Patient readiness to change physical activity or dietary behaviour was assessed by a question representing the five phases of the stage-of-change model . Answers ranged from ‘not willing to change within six months’ (precontemplation), ‘willing to change within six months’ (contemplation), ‘willing to change within one month’ (preparation), ‘consider myself acting healthily for less than six months’ (action) to ‘consider myself acting healthily for more than six months’ (maintenance phase).
The number of follow-up reports in the Traffic Light Method web tool represents the level of adherence to the intervention.

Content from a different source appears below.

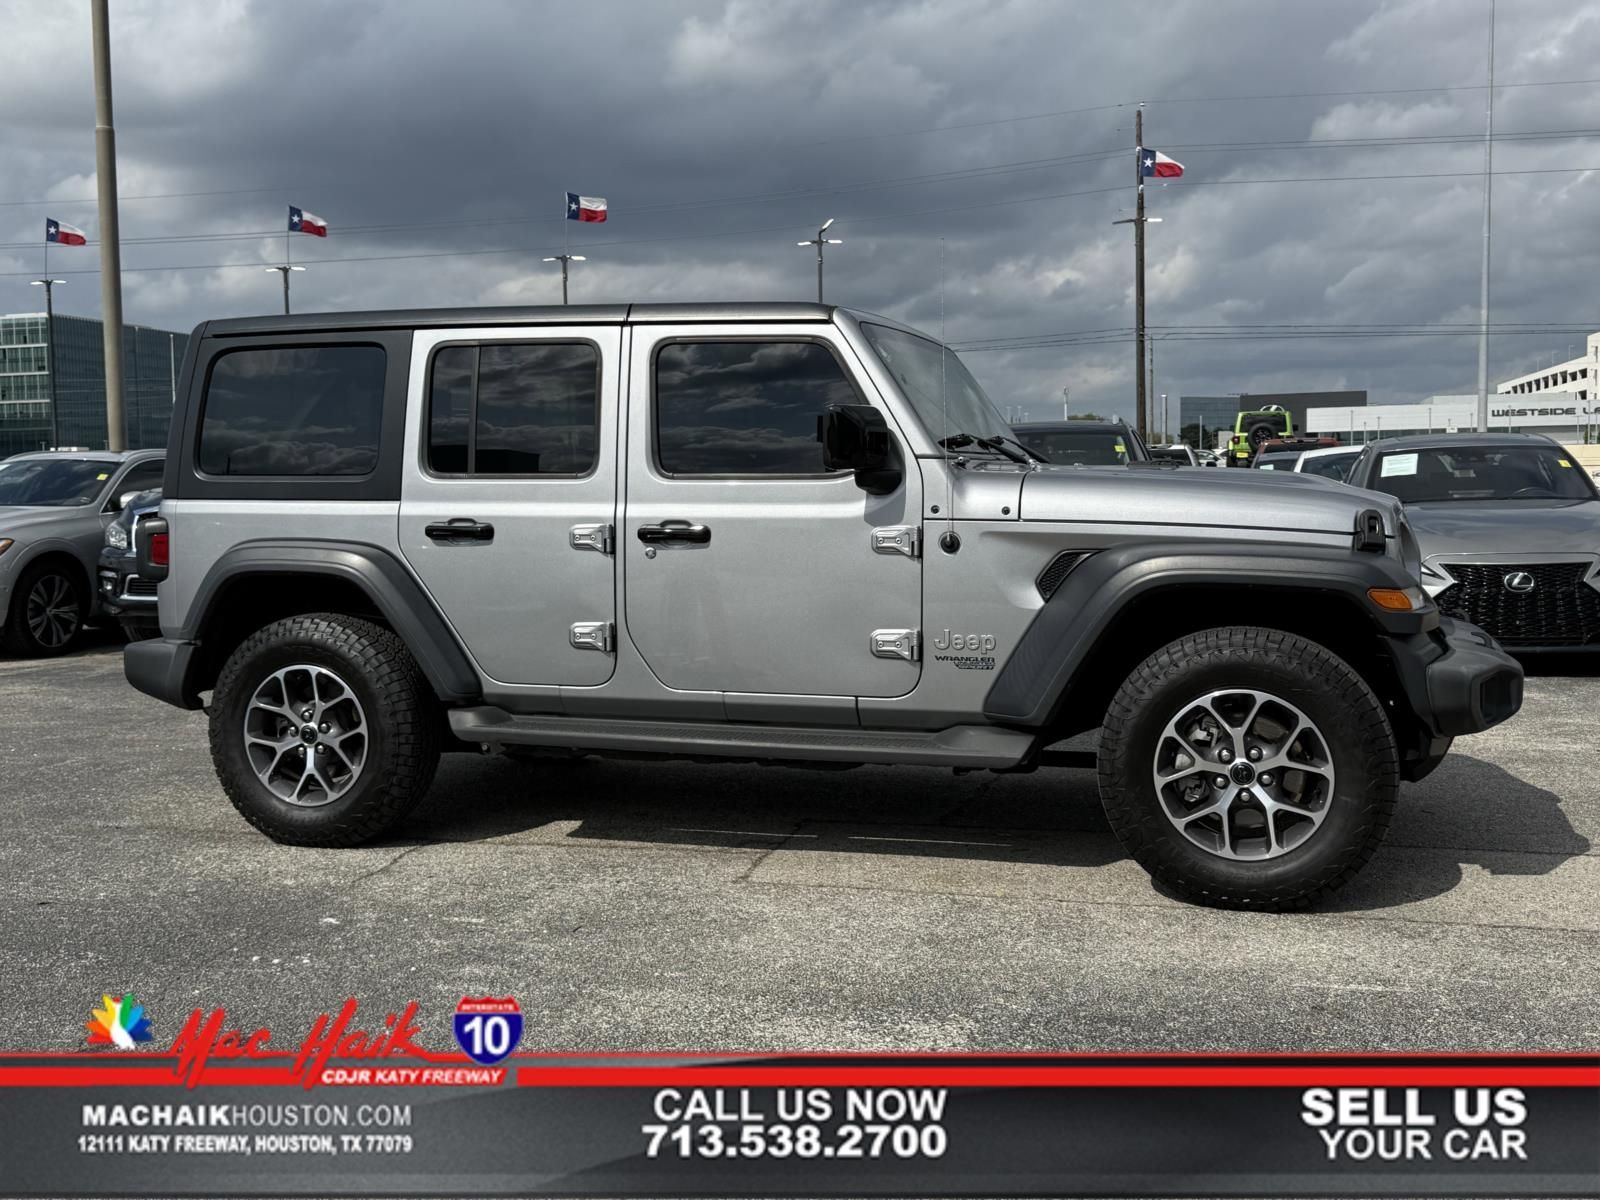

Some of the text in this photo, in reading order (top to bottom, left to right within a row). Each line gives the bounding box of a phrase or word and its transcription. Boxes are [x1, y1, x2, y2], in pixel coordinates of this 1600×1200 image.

[1491, 407, 1577, 417] WESTSIDE
[934, 628, 997, 655] Jeep
[934, 655, 995, 663] WRANGLER

Results were presented as means (95% confidence interval) or medians (25-75th percentile). Data were analysed using SPSS version 22 , with a p-value of 0.05 considered statistically significant. The intervention effect was tested using an intention-to-treat approach with a multi-level, subject-specific linear mixed model that had an unstructured variance structure, controlling for teams to adjust for clustering of patients within teams and adjusting for type of AP medication. Intervention effects were tested in stratified analyses of pre-specified subgroups based on sex, age and type of housing. In explorative per-protocol analyses, adhering participants (high users) were compared to the control group using the same linear mixed models as described above. Participants who completed at least one lifestyle behaviour screening, constructed lifestyle goals and completed ten or more follow-up reports were considered high users. We also compared the percentage of participants who improved or deteriorated by ≥5% in WC or BMI after six and twelve months between intervention and control groups using Chi-square tests.
We also used a Chi-square test to determine the intervention effects on patient readiness to change dietary or physical activity behaviour by comparing the percentage of intervention participants who had shifted towards more readiness to change between baseline, six and twelve months to the percentage of participants in the control group who had done so.